• TASK DIRECTIONS:
Reproduce the records below exactly, leaving out any pictures.

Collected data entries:
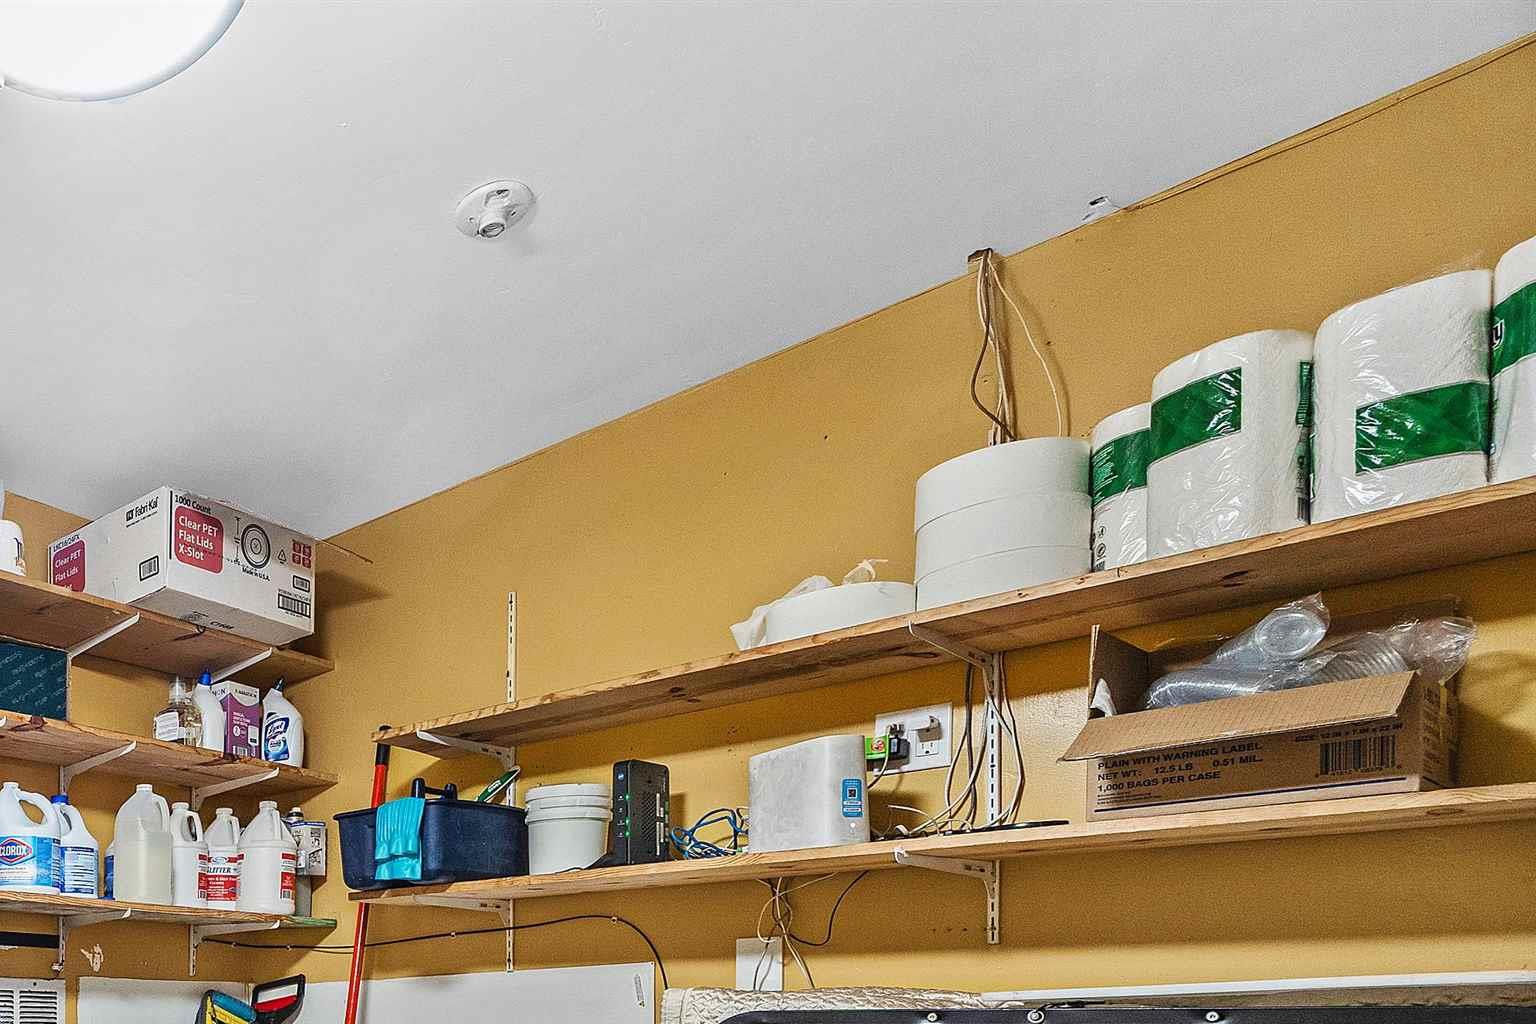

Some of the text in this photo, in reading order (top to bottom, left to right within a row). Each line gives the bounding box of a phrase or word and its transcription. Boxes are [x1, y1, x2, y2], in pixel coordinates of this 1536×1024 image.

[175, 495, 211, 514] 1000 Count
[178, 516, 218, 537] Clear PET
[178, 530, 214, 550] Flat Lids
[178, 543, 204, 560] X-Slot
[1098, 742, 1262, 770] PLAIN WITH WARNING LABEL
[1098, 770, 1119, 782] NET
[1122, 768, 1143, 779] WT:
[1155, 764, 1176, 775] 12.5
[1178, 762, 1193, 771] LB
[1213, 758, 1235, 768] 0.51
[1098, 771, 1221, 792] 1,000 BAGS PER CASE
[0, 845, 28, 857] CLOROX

• YOUR SOLUTION:
Some of the text in this photo, in reading order (top to bottom, left to right within a row). Each line gives the bounding box of a phrase or word and its transcription. Boxes are [x1, y1, x2, y2], in pixel coordinates of this 1536×1024 image.

[175, 495, 211, 514] 1000 Count
[178, 516, 218, 537] Clear PET
[178, 530, 214, 550] Flat Lids
[178, 543, 204, 560] X-Slot
[1098, 742, 1262, 770] PLAIN WITH WARNING LABEL
[1098, 770, 1119, 782] NET
[1122, 768, 1143, 779] WT:
[1155, 764, 1176, 775] 12.5
[1178, 762, 1193, 771] LB
[1213, 758, 1235, 768] 0.51
[1098, 771, 1221, 792] 1,000 BAGS PER CASE
[0, 845, 28, 857] CLOROX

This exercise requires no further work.